Word Sense Disambiguation (WSD) is the task of determining which sense of an ambiguous word (word with multiple meanings) is chosen in a particular use of that word, by considering its context. A sentence is considered ambiguous if it contains ambiguous word(s). Practically, any sentence that has been classified as ambiguous usually has multiple interpretations, but just one of them presents the correct interpretation. We propose an unsupervised method that exploits knowledge based approaches for word sense disambiguation using Harmony Search Algorithm (HSA) based on a Stanford dependencies generator (HSDG). The role of the dependency generator is to parse sentences to obtain their dependency relations. Whereas, the goal of using the HSA is to maximize the overall semantic similarity of the set of parsed words. HSA invokes a combination of semantic similarity and relatedness measurements, i.e., Jiang and Conrath (jcn) and an adapted Lesk algorithm, to perform the HSA fitness function. Our proposed method was experimented on benchmark datasets, which yielded results comparable to the state-of-the-art WSD methods. In order to evaluate the effectiveness of the dependency generator, we perform the same methodology without the parser, but with a window of words. The empirical results demonstrate that the proposed method is able to produce effective solutions for most instances of the datasets used.

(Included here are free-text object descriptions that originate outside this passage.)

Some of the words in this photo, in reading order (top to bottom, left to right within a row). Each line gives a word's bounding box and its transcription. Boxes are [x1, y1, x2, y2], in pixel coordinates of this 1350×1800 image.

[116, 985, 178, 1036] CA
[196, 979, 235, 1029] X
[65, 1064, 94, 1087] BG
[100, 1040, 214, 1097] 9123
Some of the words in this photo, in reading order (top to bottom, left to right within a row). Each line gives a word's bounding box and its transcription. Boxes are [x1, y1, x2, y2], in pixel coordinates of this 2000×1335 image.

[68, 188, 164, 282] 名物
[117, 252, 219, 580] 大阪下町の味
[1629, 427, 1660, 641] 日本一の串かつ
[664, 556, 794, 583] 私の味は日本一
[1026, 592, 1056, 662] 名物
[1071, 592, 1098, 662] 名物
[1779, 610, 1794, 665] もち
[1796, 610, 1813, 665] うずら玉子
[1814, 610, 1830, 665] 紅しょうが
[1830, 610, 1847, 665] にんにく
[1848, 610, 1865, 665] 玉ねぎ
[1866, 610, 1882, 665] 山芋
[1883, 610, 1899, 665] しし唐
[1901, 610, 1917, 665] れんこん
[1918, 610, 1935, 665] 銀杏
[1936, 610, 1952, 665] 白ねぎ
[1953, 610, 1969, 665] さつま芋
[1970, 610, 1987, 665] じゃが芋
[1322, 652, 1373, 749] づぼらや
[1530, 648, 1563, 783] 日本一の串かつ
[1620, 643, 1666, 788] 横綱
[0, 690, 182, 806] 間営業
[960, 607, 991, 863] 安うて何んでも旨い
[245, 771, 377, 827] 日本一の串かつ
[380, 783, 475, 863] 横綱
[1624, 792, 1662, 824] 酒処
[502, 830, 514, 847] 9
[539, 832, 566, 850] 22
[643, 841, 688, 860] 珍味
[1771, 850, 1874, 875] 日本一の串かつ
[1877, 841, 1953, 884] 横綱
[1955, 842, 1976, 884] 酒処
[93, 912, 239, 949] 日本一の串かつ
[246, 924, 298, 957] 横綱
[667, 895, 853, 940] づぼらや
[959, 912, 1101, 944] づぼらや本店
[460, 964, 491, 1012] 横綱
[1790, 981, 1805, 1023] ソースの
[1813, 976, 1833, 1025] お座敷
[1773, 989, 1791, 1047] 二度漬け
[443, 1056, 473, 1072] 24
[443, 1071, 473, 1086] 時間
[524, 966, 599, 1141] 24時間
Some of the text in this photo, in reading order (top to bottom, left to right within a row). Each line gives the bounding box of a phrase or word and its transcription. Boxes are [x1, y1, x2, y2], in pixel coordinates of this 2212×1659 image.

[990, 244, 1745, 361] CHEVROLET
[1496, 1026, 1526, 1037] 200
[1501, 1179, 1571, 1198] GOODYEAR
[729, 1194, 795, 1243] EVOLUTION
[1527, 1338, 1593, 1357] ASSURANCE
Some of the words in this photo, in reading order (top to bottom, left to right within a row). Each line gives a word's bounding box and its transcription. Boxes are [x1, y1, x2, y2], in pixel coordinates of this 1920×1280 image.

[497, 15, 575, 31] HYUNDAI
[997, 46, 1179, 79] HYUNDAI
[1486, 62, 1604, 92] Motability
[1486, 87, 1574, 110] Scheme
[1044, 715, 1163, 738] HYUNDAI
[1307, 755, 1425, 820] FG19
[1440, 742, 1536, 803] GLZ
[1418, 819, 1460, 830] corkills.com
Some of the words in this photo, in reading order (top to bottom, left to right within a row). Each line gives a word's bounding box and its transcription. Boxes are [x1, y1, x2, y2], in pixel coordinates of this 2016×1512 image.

词义消歧(WSD)是一项通过考虑上下文来确定在某个特定用法中歧义单词(具有多种含义的单词)所选用的具体词义的任务。如果一个句子包含歧义单词,那么这个句子就被认为是有歧义的。实际上,任何被归类为有歧义的句子通常都有多种解释,但其中只有一种是正确的解释。我们提出了一种无监督方法,该方法利用基于知识的方法,通过基于斯坦福依存关系生成器(HSDG)的和声搜索算法(HSA)来进行词义消歧。依存关系生成器的作用是解析句子以获取它们的依存关系。而使用HSA的目标是最大化已解析单词集的整体语义相似度。HSA调用语义相似度和相关性度量的组合,即姜氏和康拉特(jcn)以及一种改进的莱斯科算法,来执行HSA适应度函数。我们提出的方法在基准数据集上进行了实验,其结果与当前最先进的WSD方法相当。为了评估依存关系生成器的有效性,我们在不使用解析器但使用单词窗口的情况下执行相同的方法。实证结果表明,所提出的方法能够为所用数据集的大多数实例生成有效的解决方案。